Quand vous avez parlé des accords de l’Elysée et de la contribution financière des FAI, vous avez oublié de dire que les accords de l’Elysée dataient de novembre 2007, que la déclaration du Président de la République disant qu’il fallait supprimer la publicité à la télévision datait de janvier 2008 et que la loi que nous avons votée avec la taxation des FAI a été promulguée au mois de mars dernier. Les FAI, qui ont été taxés pour compenser le manque à gagner publicitaire de France Télévision, ne repasseront pas deux fois à la caisse.

Comme l’a relevé très justement M. Tardy, le Conseil constitutionnel leur donne raison pour ne pas prendre en charge des frais que le CGTI, organisme dépendant de Bercy, a estimés à au moins 70 millions d’euros.

Cela, vous vous êtes bien gardée de le dire, madame la ministre, pas plus que vous n’avez dit que ce seront les contribuables français qui supporteront cette gabegie financière qui ne rapportera pas un euro de plus à la création. Voilà la vérité, qu’il fallait dire à ce moment du débat.

[...]

Avant de défendre le sous-amendement, je voudrais faire un rappel au règlement sur la base de l’article 58-3. Nous sommes amenés à poser au rapporteur et au Gouvernement des questions précises, qui appelleraient des réponses du même type. Mais les questions de M. Paul sont si pertinentes que le rapporteur a peut-être besoin d’un peu de temps pour préparer ses réponses. C’est la raison pour laquelle je demande cinq minutes de suspension de séance, afin qu’il puisse nous fournir les réponses que nous attendons.

Je le ferai plus tard. N’allons pas trop vite.

Loin de nous l’idée de gêner la présidence ou de faire de l’obstruction. Nous ne souhaitons en aucune façon retarder le débat. Mais nous tenons à obtenir des réponses précises.
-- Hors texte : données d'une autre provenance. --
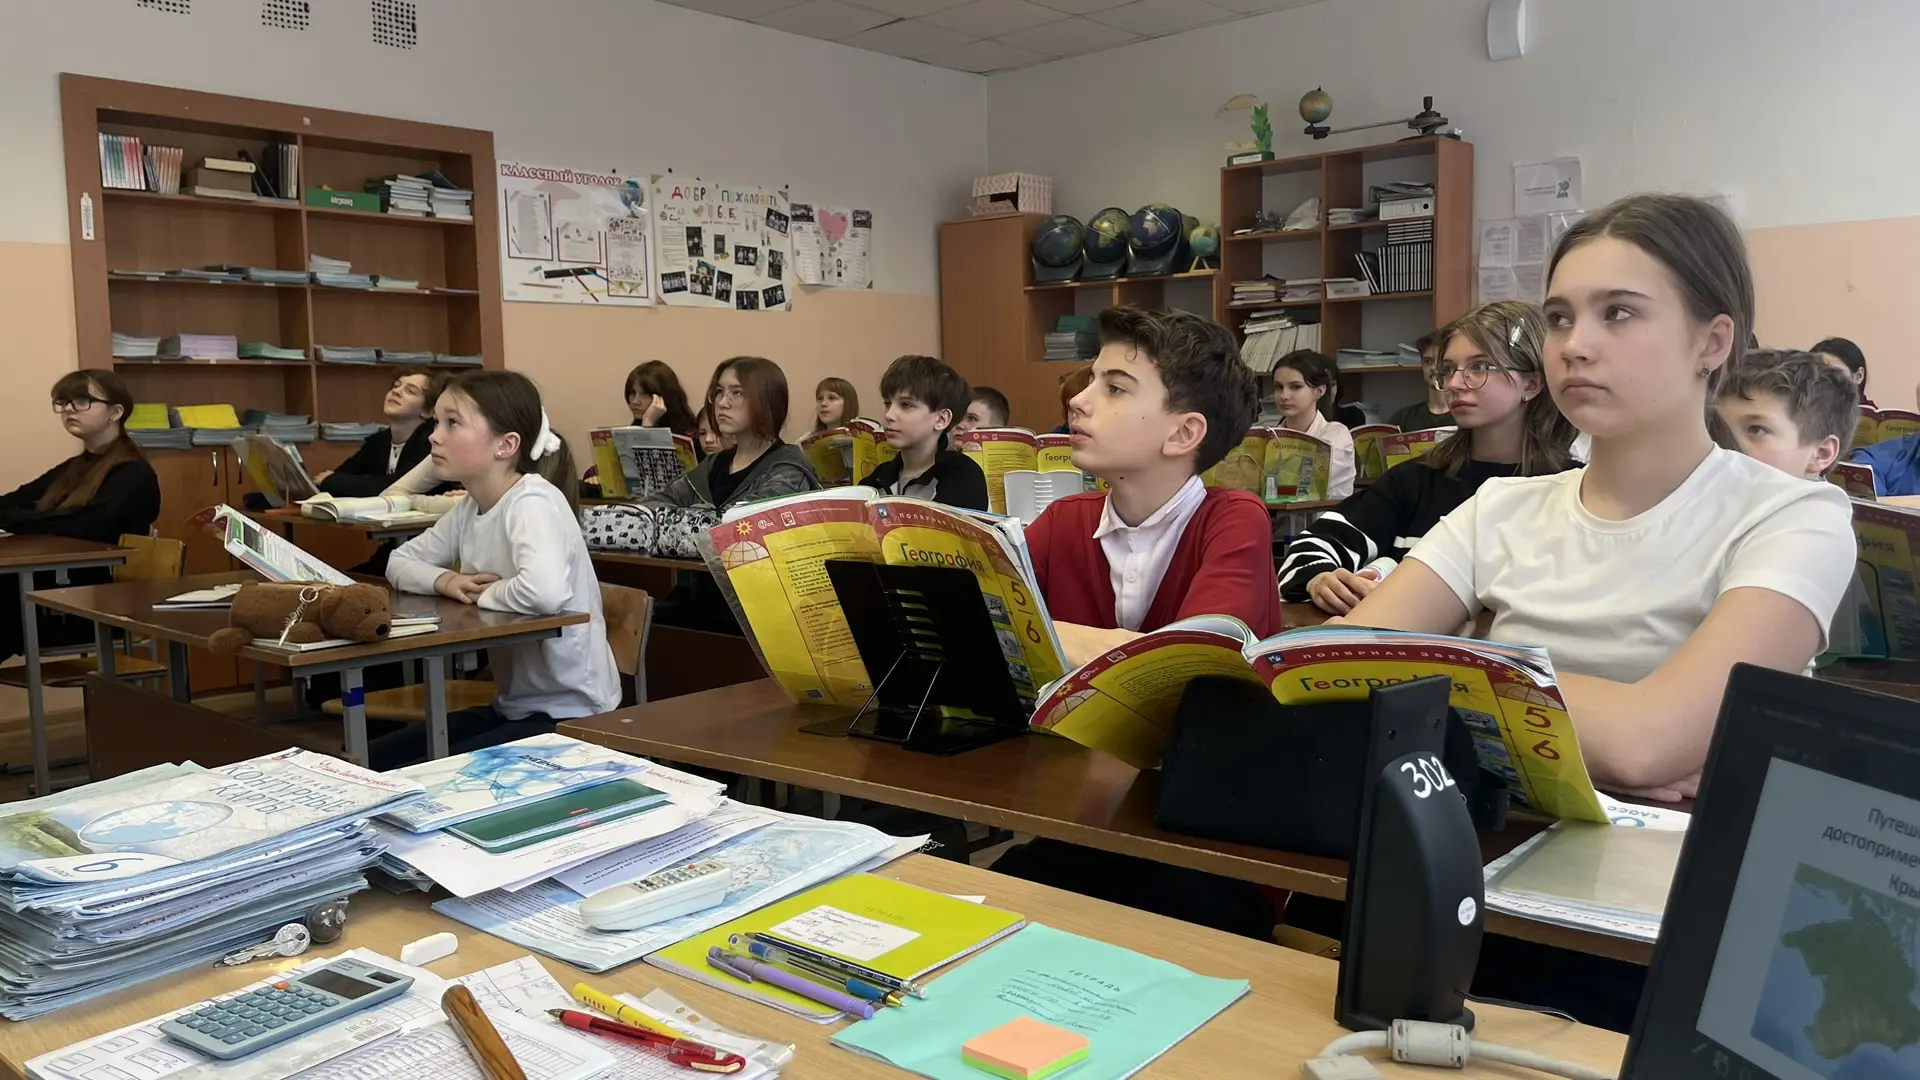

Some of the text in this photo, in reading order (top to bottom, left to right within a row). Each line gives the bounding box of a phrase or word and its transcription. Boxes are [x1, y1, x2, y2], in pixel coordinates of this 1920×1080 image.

[501, 164, 622, 188] КЛАССНЫЙ УГОЛОК
[900, 542, 985, 572] География
[1011, 581, 1026, 606] 5
[1026, 619, 1041, 643] 6
[1302, 649, 1501, 669] ПОЛЯРНАЯ ЗВЕЗДА
[1299, 674, 1469, 694] Геограя
[1524, 706, 1552, 728] 5
[1532, 740, 1560, 762] 6
[220, 764, 357, 813] КОНТУРНЫЕ
[1400, 756, 1456, 798] 302
[209, 783, 296, 815] КАРТЫ
[1868, 807, 1920, 839] Путеш
[1821, 825, 1920, 868] достоприме
[72, 857, 144, 872] 6
[1068, 968, 1121, 992] ТЕТРАДЬ
Le sous-amendement n° 290 porte sur l’amendement n° 52, que nous désapprouvons parce qu’il concrétise tout l’arbitraire de l’HADOPI, qui agira selon son bon vouloir. M. le rapporteur a protesté quand je lui ai dit qu’elle se déterminerait à la tête du client. Mais elle pourra envoyer un ou deux mails d’avertissement – ou non – et une recommandation qui pourra – ou non – être reçue par l’internaute. D’ailleurs, on ne vérifiera pas qu’il a pris connaissance de la lettre recommandée lui révélant les faits qui lui sont reprochés.

Plus grave encore, l’HADOPI pourra encore décider d’une sanction pour manquement à l’obligation de surveillance ou préférer – toujours à la tête du client – une simple injonction ou une transaction, qui amène à engager un dialogue avec l’internaute. Autant dire que l’arbitraire règne et que le principe essentiel d’égalité devant la loi est rompu. Sur ce point, nous saisirons le juge constitutionnel. Pour l’heure, grâce à ce sous-amendement n° 290, nous essayons dans la mesure du possible de corriger – j’évite le verbe « améliorer », de peur que le président ne me fasse remarquer qu’il est subjectif – le projet de loi, et de limiter les conséquences funestes de l’amendement n° 52.
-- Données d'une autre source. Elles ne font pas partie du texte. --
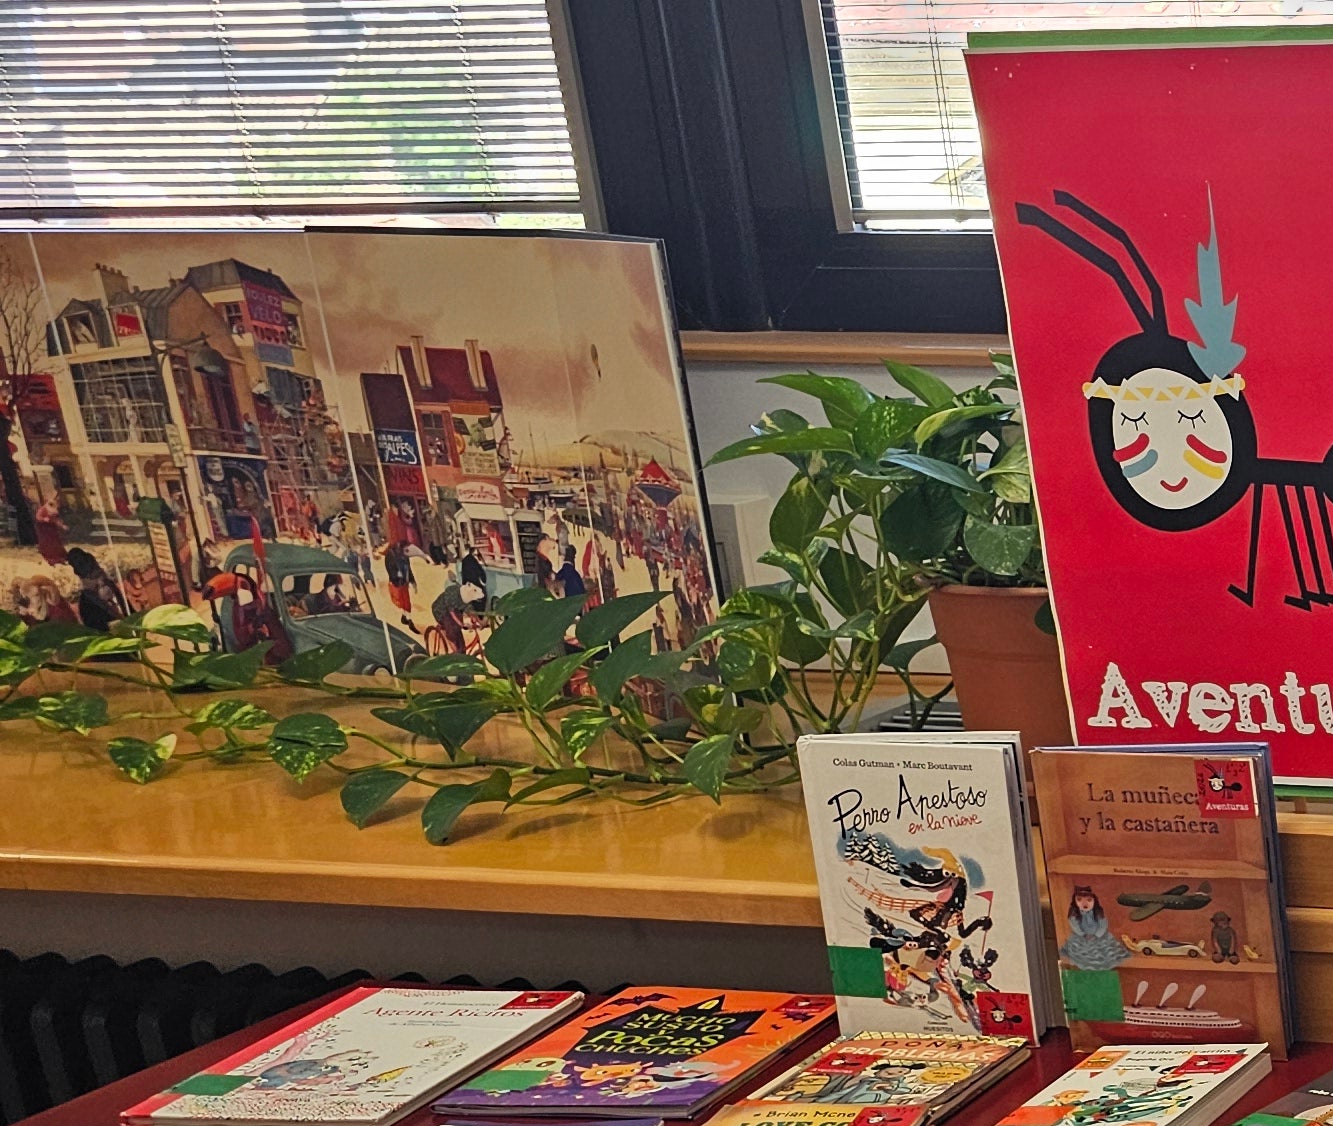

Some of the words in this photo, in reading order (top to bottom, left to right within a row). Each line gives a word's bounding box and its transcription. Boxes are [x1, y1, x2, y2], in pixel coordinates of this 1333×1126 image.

[1087, 782, 1117, 803] La
[1121, 784, 1201, 806] muñec
[827, 788, 892, 840] Perro
[896, 774, 988, 821] Apestoso
[907, 822, 925, 834] en
[926, 813, 943, 829] la
[1079, 816, 1091, 835] y
[1097, 812, 1117, 831] la
[1122, 814, 1220, 835] castañera
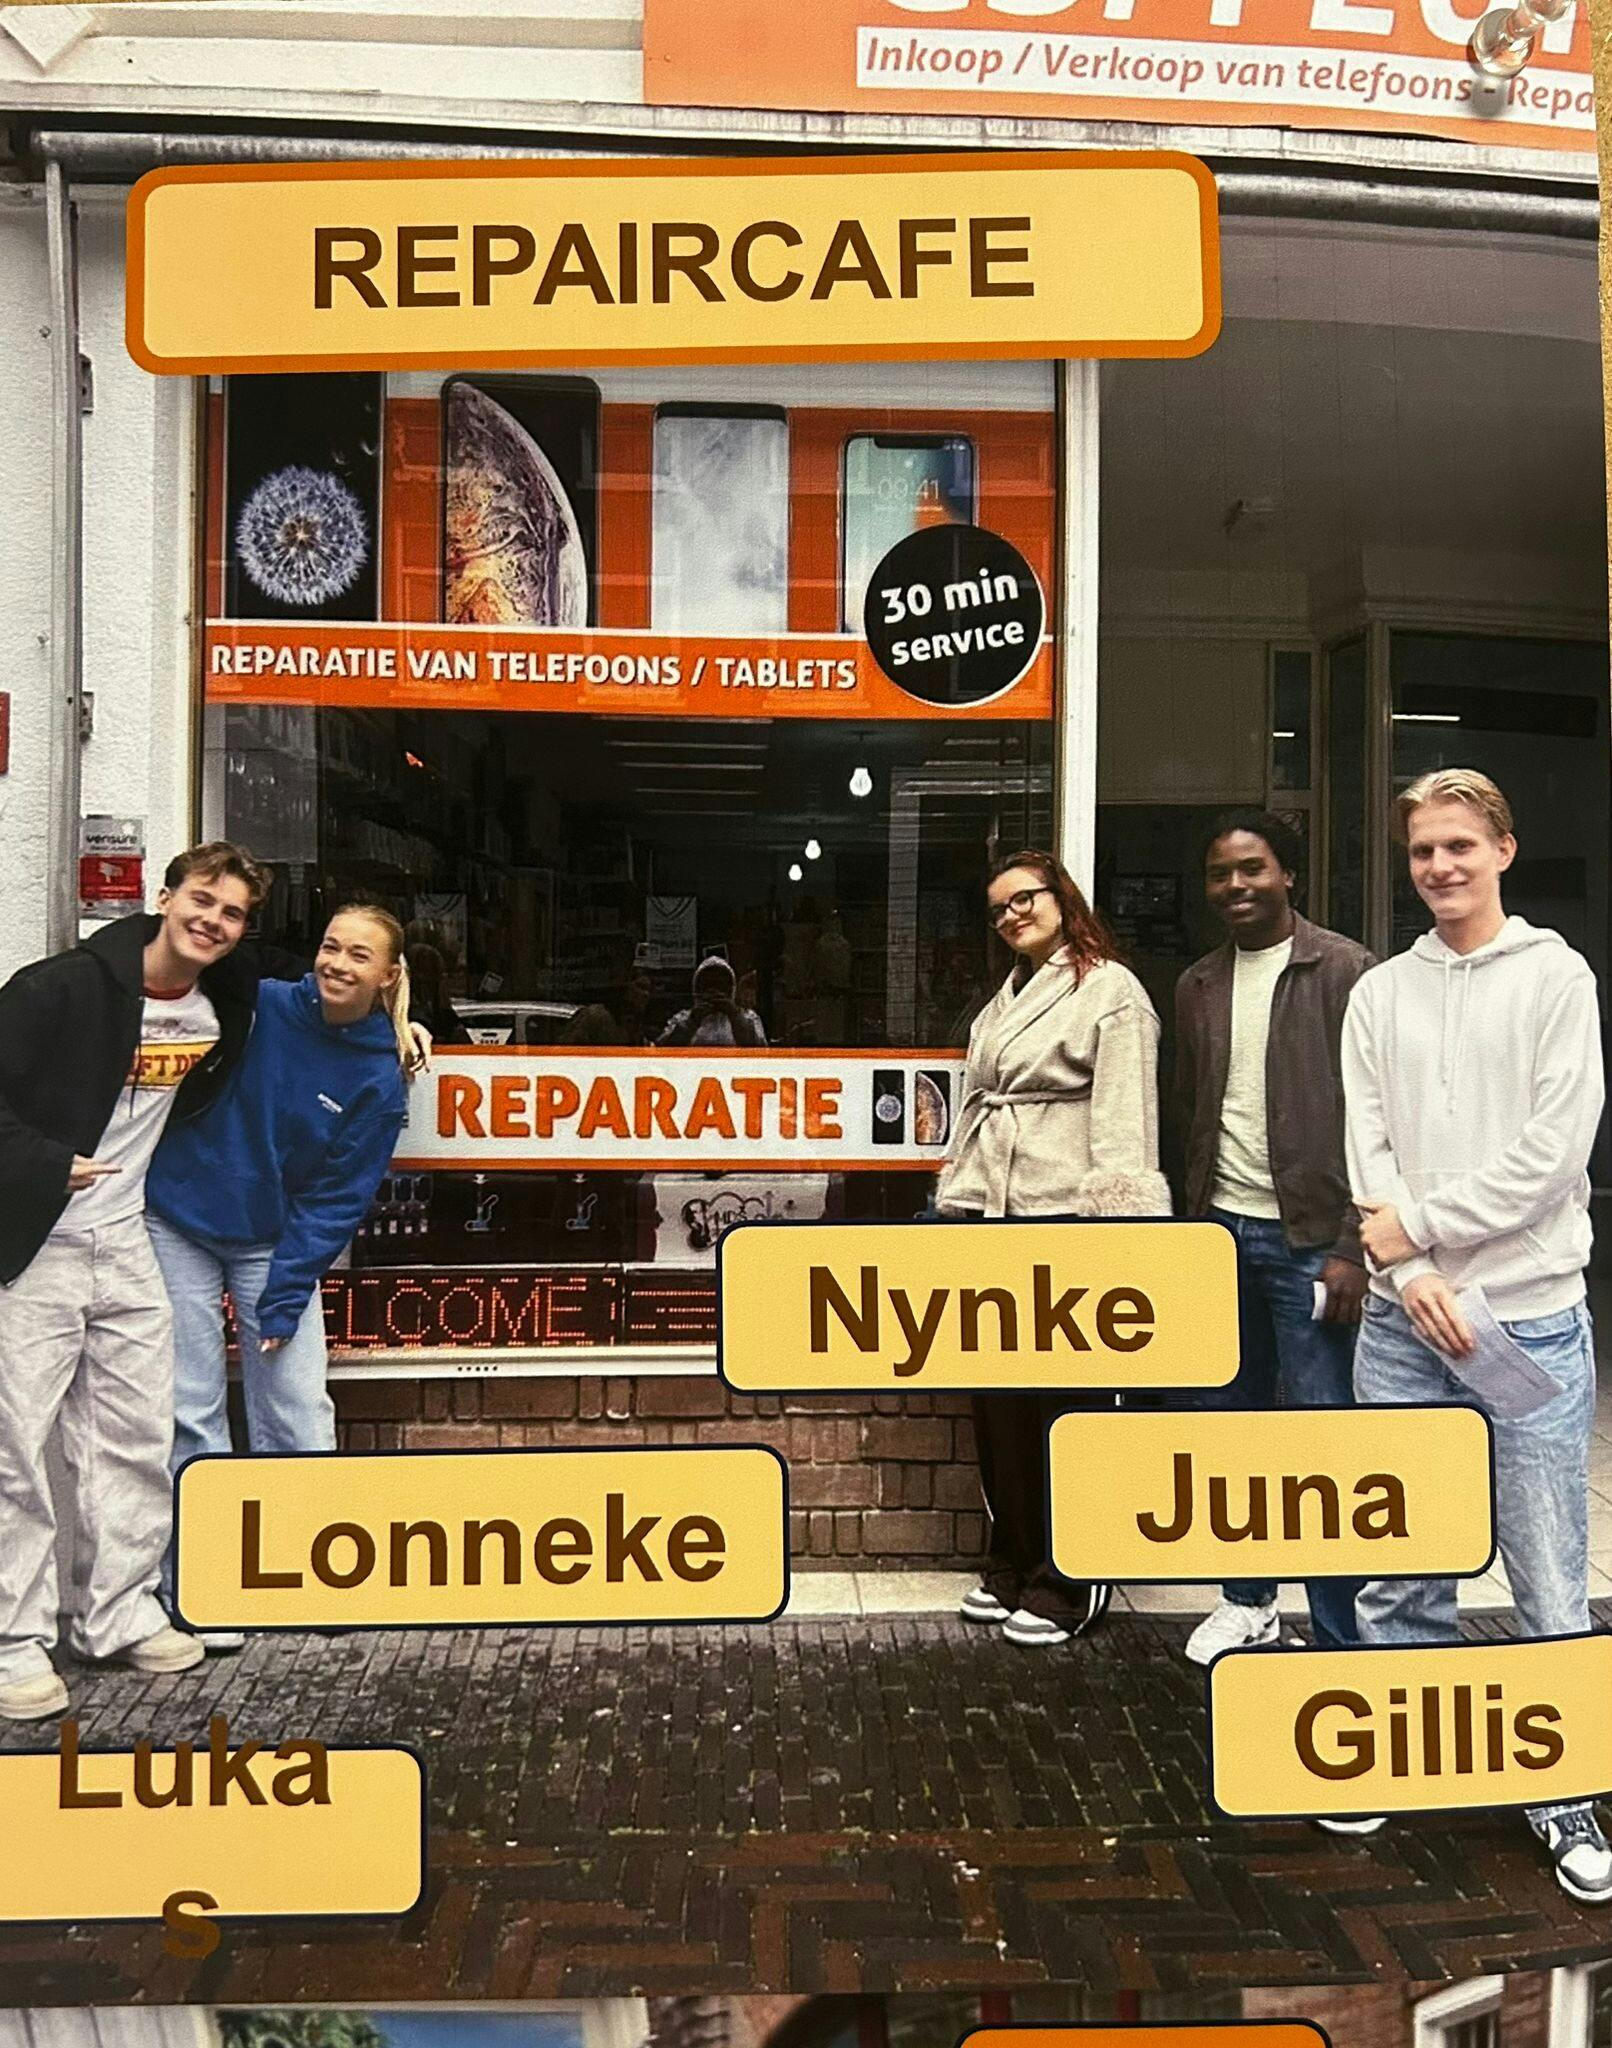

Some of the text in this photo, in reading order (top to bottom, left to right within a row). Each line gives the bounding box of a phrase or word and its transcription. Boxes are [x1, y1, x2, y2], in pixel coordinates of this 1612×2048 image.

[866, 37, 1003, 84] Inkoop
[1013, 43, 1033, 75] /
[1044, 44, 1204, 93] Verkoop
[1216, 60, 1284, 88] van
[1297, 59, 1472, 102] telefoons
[313, 216, 1036, 309] REPAIRCAFE
[881, 568, 1019, 625] 30 min
[211, 645, 857, 690] REPARATIE VAN TELEFOONS / TABLETS
[437, 1074, 844, 1140] REPARATIE
[809, 1264, 1155, 1377] Nynke
[241, 1493, 727, 1589] Lonneke
[1136, 1452, 1410, 1543] Juna
[59, 1714, 332, 1809] Luka
[1294, 1683, 1565, 1781] Gillis
[162, 1890, 221, 1959] s
Il paraît évident que les recommandations informant un internaute qu’il est présumé avoir été amené à faire un téléchargement dit illégal, et dont on lui fait reproche, doivent être motivées.
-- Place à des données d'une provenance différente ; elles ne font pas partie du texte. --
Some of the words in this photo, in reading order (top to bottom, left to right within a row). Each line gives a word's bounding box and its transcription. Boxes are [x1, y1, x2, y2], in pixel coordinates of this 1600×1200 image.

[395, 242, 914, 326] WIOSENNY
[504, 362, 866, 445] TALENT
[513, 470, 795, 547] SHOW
Si nous avons présenté ce sous-amendement, c’est tout simplement parce que l’HADOPI fonctionne selon des règles profondément arbitraires. Ce sera vraiment à la tête de l’internaute. On pourra adresser ou ne pas adresser un mail d’avertissement, une recommandation, décider d’une sanction ou d’une injonction.

Nous voulons réduire les éléments d’incertitude, l’aspect aléatoire que cela peut présenter pour l’internaute, et nous voulons que soient garantis un certain nombre de principes fondamentaux qui fondent notre État de droit.

L’internaute est interpellé et est en quelque sorte entraîné dans une procédure qui s’apparente évidemment à une procédure contentieuse. Oui, madame la ministre, les pouvoirs publics peuvent déléguer à une haute autorité administrative un pouvoir de sanction, mais à condition que les sanctions ne soient pas privatives de liberté. C’est la restriction qu’a apportée le Conseil constitutionnel. Or la sanction ultime, la suspension de l’abonnement à Internet, est privative de liberté, s’attaque à un droit fondamental.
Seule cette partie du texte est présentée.